CCSS.MATH.CONTENT.1.MD.B.3

Students will be able to tell time on analog clocks.

Discuss a few questions as a class. Where do they see clocks? Which clocks do they have at home? What time do they leave to go to school? What time do they go to bed?

Start by discussing the importance of being able to tell time in whole hours on the analog clock. Explain that the 12 is always at the top of the analog clock. Check that students understand where the numbers belong by having them drag the numbers to where they belong on the clock. Then explain how the hands on the clock work. There are two hands on a clock: the big, or minute hand and the little, or hour hand. The big hand tells us how many minutes have passed and the little hand tells us how many hours. If the big hand is on the 12 it is a whole hour. Show the clock face with the minute hand on 12 and the hour hand on 1. Tell students that it is now one o' clock. Show students the clock with both hands pointing at 12. Show that as the big hand completes a rotation, the small hand moves forward.
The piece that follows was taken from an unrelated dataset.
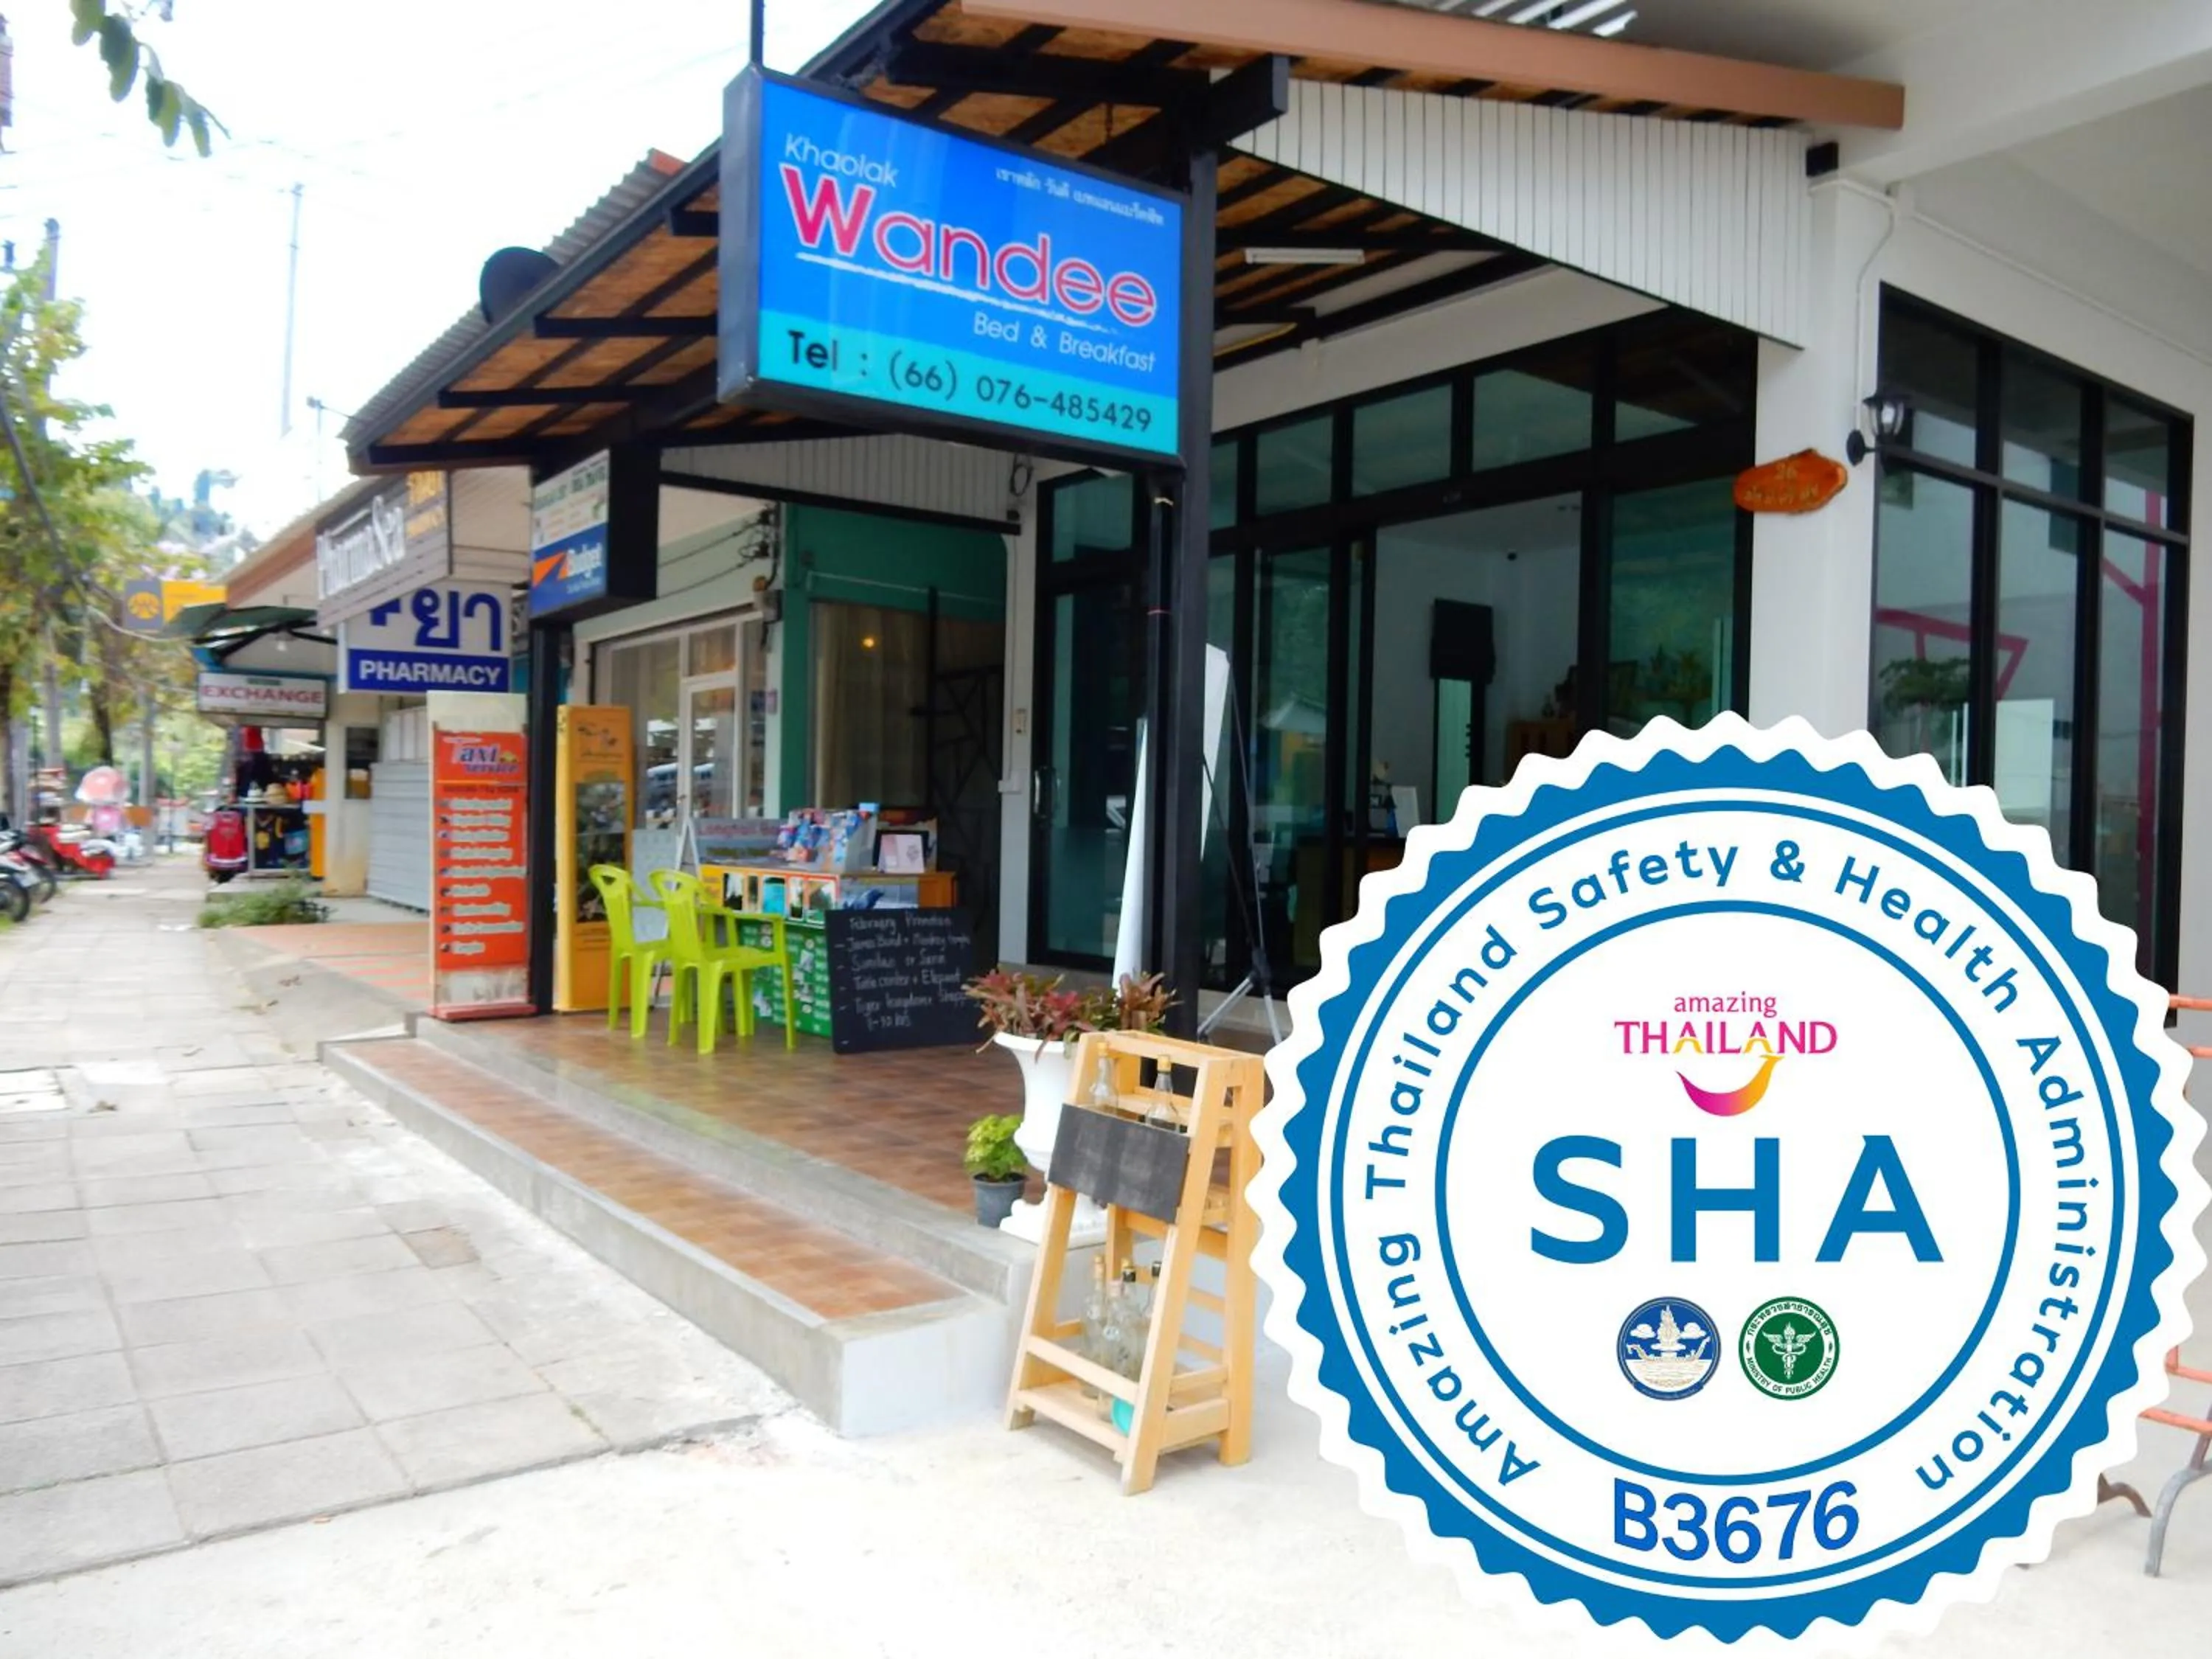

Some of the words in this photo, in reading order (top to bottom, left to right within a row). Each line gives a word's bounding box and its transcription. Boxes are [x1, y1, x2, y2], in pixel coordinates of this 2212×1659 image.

It is now 1 o'clock. Use the following questions to check that students understand how to tell time. Have them explain how to tell time. Then ask students to drag the clocks into correct order, starting at the given time. For example,: On the left side is the clock that reads 1 o'clock. Then comes the clock that reads 3 o'clock, followed by 4, 6, and 7 o'clock. Students are then given the task to drag the correct clock to the given story.

Check that students are able to tell time on an analog clock by asking the following questions:

- Where is the 12 on a clock?

- Where is the big (minute) hand when it says that it is a whole hour?

- Why is it useful to be able to tell time?

Students are given a set of 10 questions in which they must say what time it is, drag clocks into order, and match clocks with a given story.

Discuss the importance of being able to tell time on the analog clock, so they can tell what time it is. To close the lesson, have students tell the time on the given clocks.

Students who have difficulty with this learning goal can be supported by making use of an instruction-clock. Re-teach the significance of the big (minute) and little (hour) hands and show how the hour hand moves slowly as the minute hand travels around in a circle. Students can also work in pairs to move the hour hand, creating whole hours on the instruction clock and then have their partner tell them what time it is, what the next hour would be, or what the previous hour was.